# Question for all of you!



## AngieSlay

There may or may not be a “right or wrong “ answer so I guess it comes down to outlook or perception and feelings about this. Question: Do any of you male or female feel that if your spouse looks at another person naked like on porn sites or watches booty shaking with thongs on or guys flexing their greased up muscles .. whatever the case is. When they do this ; Do any of you feel like they are or have cheated on you? Just by looking and getting turned on by it... i don’t want arguments, just opinions please


----------



## Ragnar Ragnasson

Uh, say the original post again? Your first post was edited.


----------



## happyhusband0005

No


----------



## Evinrude58

it’s wrong, because it’s lust. I think not cheating since one assumably doesn’t know the porn people, has no intention of actually banging them, and isn’t developing emotions for the porn people.

Its not a healthy for a marriage, particularly if your spouse feels bad about you doing it.
For some it’s addictive. Not cheating to me.


----------



## Affaircare

Nope because beauty is beautiful. For example, if a gorgeous looking woman walks passed all dolled up in her finest, she IS beautiful, exteriorly. If a dude walks by dressed to the nines, fully groomed, and buff as can be, he IS beautiful, exteriorly.  I would consider it roughly the same as walking past an amazing statue or stunning painting. It IS beautiful, and even stopping to appreciate the beauty is just that. Wow. 

But lingering and rolling over into lust is another thing. To me, lust would be going from "I acknowledge sheer beauty" to "I want that beauty in a sexual way" or "I desire that rather than my own spouse." In my opinion, that's not appropriate. Now I realize the fine line that is visual stimulation. Looking can have a physical response.
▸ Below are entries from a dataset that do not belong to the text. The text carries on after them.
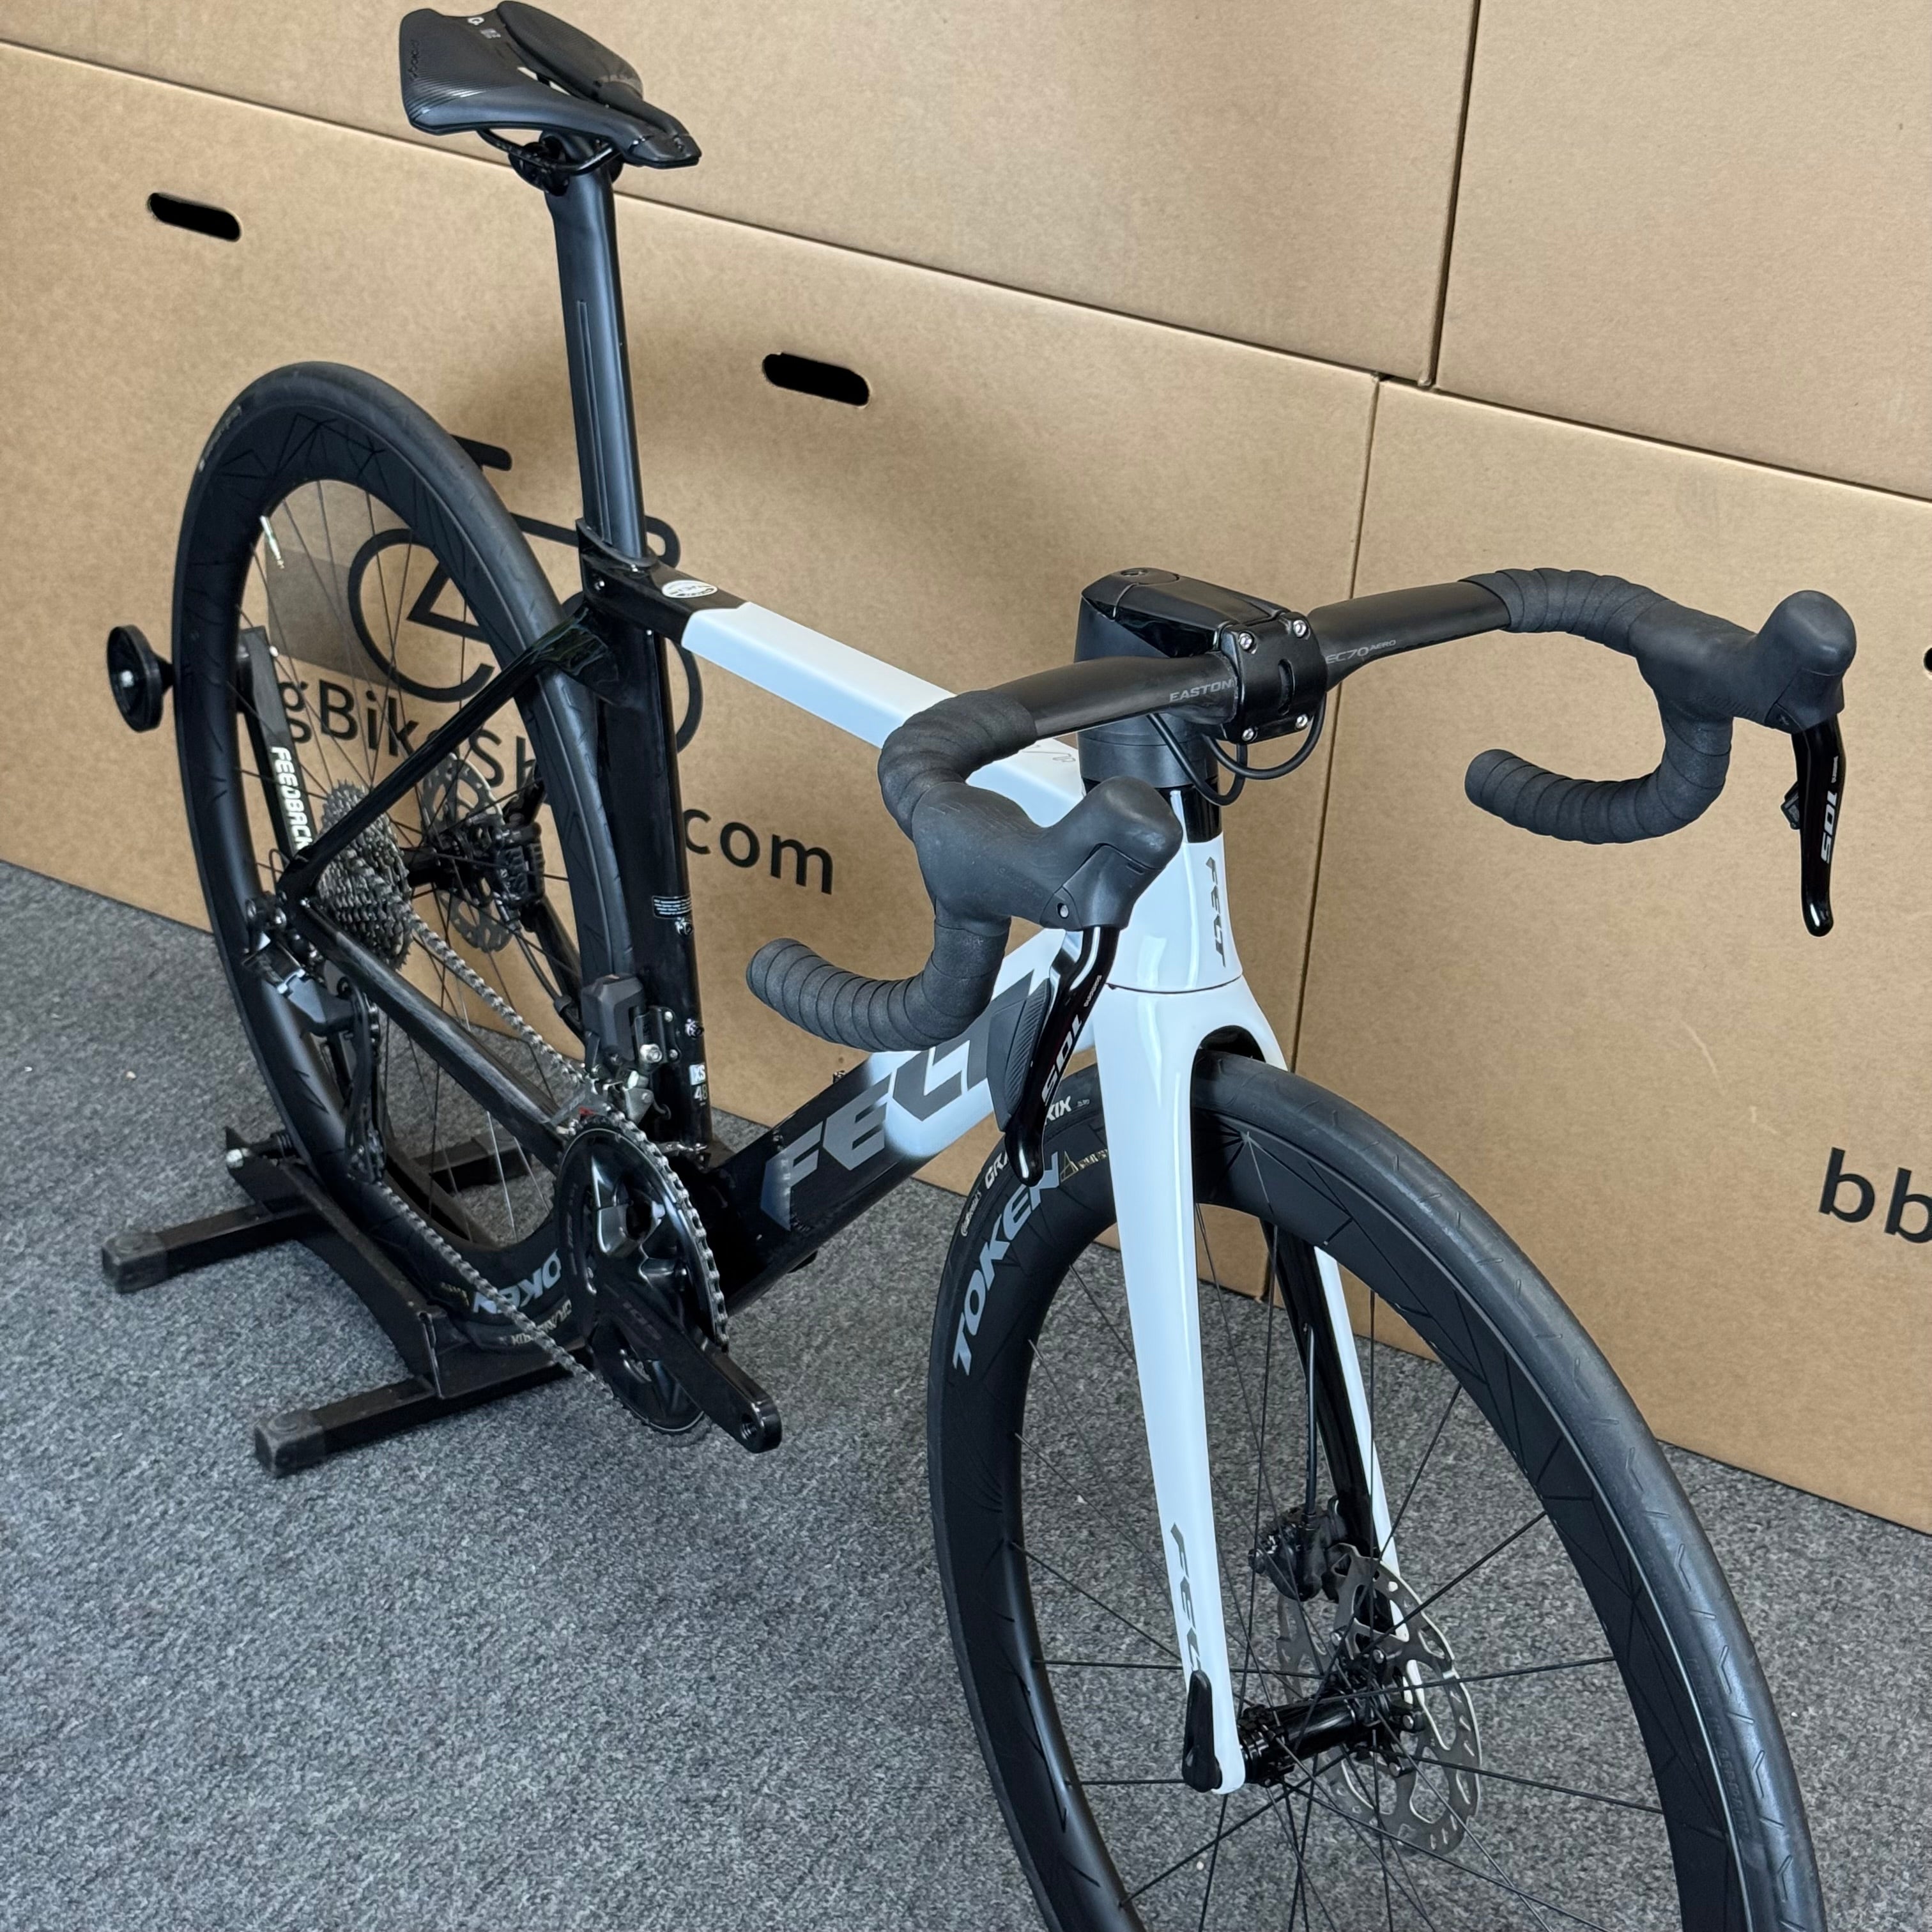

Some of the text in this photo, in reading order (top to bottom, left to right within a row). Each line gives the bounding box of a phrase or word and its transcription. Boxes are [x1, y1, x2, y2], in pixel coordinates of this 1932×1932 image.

[1169, 678, 1234, 703] EASTON
[1325, 639, 1397, 664] EC70 AERO
[271, 746, 313, 850] FEEDBACK
[1820, 790, 1838, 864] 105
[1205, 855, 1227, 969] FELT
[694, 1084, 708, 1101] 48
[1041, 1013, 1082, 1107] 105
[1818, 1146, 1932, 1244] bb
[1170, 1521, 1202, 1671] FEL
But if the response morphs away from seeing and getting a little zing, to desiring and acting on that desire (such as flirting or indicating the turn on), then I think that's crossing a line.


----------



## Angie?or…

I wouldn’t put it in quite the same class as cheating, but I definitely would be hurt, annoyed and offended by it. I think it would be harmful to my marriage and the respect and safety I feel with my husband.


----------



## BeyondRepair007

The line of what is cheating or not depends entirely on you. No one else.

I would consider porn cheating.
Thats my boundary and if my wife crosses it, then it’s cheating no matter what she (or anyone here) thinks about it.
As long as all this is communicated or understood then there’s no problem.
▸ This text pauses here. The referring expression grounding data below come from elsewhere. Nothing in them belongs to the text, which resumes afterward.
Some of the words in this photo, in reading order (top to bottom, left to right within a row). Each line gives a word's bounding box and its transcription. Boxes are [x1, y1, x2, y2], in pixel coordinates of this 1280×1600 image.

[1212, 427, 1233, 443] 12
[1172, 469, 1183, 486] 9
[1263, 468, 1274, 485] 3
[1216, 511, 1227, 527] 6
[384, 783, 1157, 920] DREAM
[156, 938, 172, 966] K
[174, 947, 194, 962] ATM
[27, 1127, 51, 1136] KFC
Some people don’t have any boundaries here, some have very tight boundaries. It’s up to each couple.


----------



## No Longer Lonely Husband

AngieSlay said:


> There may or may not be a “right or wrong “ answer so I guess it comes down to outlook or perception and feelings about this. Question: Do any of you male or female feel that if your spouse looks at another person naked like on porn sites or watches booty shaking with thongs on or guys flexing their greased up muscles .. whatever the case is. When they do this ; Do any of you feel like they are or have cheated on you? Just by looking and getting turned on by it... i don’t want arguments, just opinions please


My wife can look....no sampling the menu.


----------



## Anastasia6

AngieSlay said:


> There may or may not be a “right or wrong “ answer so I guess it comes down to outlook or perception and feelings about this. Question: Do any of you male or female feel that if your spouse looks at another person naked like on porn sites or watches booty shaking with thongs on or guys flexing their greased up muscles .. whatever the case is. When they do this ; Do any of you feel like they are or have cheated on you? Just by looking and getting turned on by it... i don’t want arguments, just opinions please


Yes.


----------



## TexasMom1216

BeyondRepair007 said:


> The line of what is cheating or not depends entirely on you. No one else.
> 
> I would consider porn cheating.
> Thats my boundary and if my wife crosses it, then it’s cheating no matter what she (or anyone here) thinks about it.
> As long as all this is communicated or understood then there’s no problem.
> 
> Some people don’t have any boundaries here, some have very tight boundaries. It’s up to each couple.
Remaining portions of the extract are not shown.